Note: This repository is a work-in-progress.

Data and code for our paper Exploring and Predicting Transferability across NLP Tasks, to appear at EMNLP 2020.

Task embedding pipeline.

Figure 1: A demonstration of our task embedding pipeline. Given a target task, we first compute its task embedding and then identify the most similar source task embedding (in this example, WikiHop) from a precomputed library via cosine similarity. Finally, we perform intermediate-task transfer from the selected source task to the target task.

Table of Contents

Installation

This repository is developed on Python 3.7.5, PyTorch 1.4.0 and the Hugging Face's Transformers 2.1.1.

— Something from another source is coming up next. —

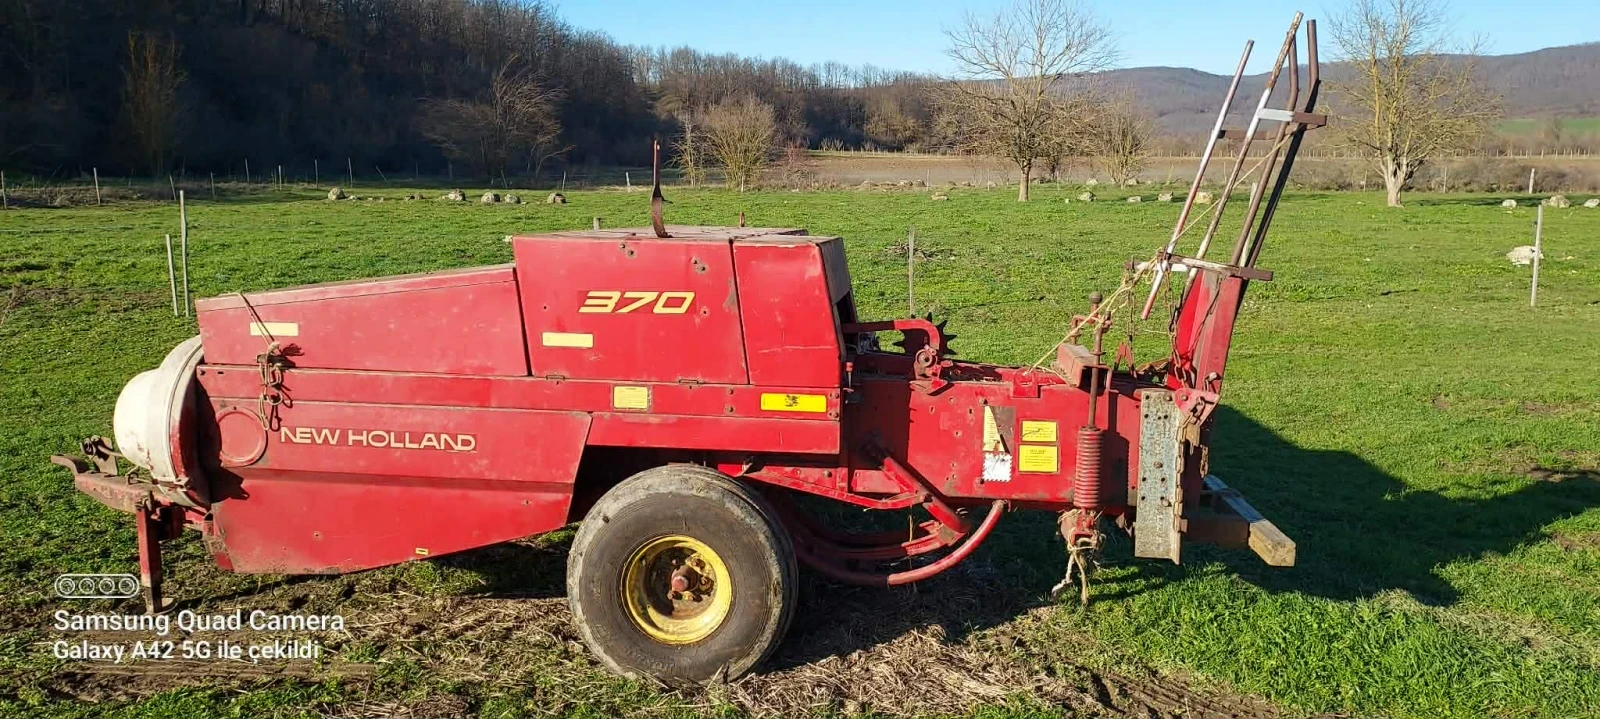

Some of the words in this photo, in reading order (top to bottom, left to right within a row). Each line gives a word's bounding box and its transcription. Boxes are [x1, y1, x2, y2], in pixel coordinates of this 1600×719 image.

You should install all necessary Python packages in a virtual environment. If you are unfamiliar with Python virtual environments, please check out the user guide here.

Below, we create a virtual environment and activate it:

conda create -n task-transferability python=3.7
conda activate task-transferability

Now, install all necessary packages:

cd task-transferability
pip install -r requirements.txt
pip install [--editable] .

Data

You can download the classification/regression (CR) and question answering (QA) datasets we study at this Google Drive link. Unfortunately, most (if not all) of the sequence labeling (SL) datasets used in our paper are not publicly available; more details can be found here.

Fine-tuning BERT on downstream NLP tasks

We have separate code for fine-tuning BERT on each class of problems, including text classification/regression, question answering, and sequence labeling. If you are interested in writing a common API for fine-tuning BERT on different classes of problems, check out a homework I designed for our Advanced NLP class at this Google Colab link (see the function do_target_task_finetuning())!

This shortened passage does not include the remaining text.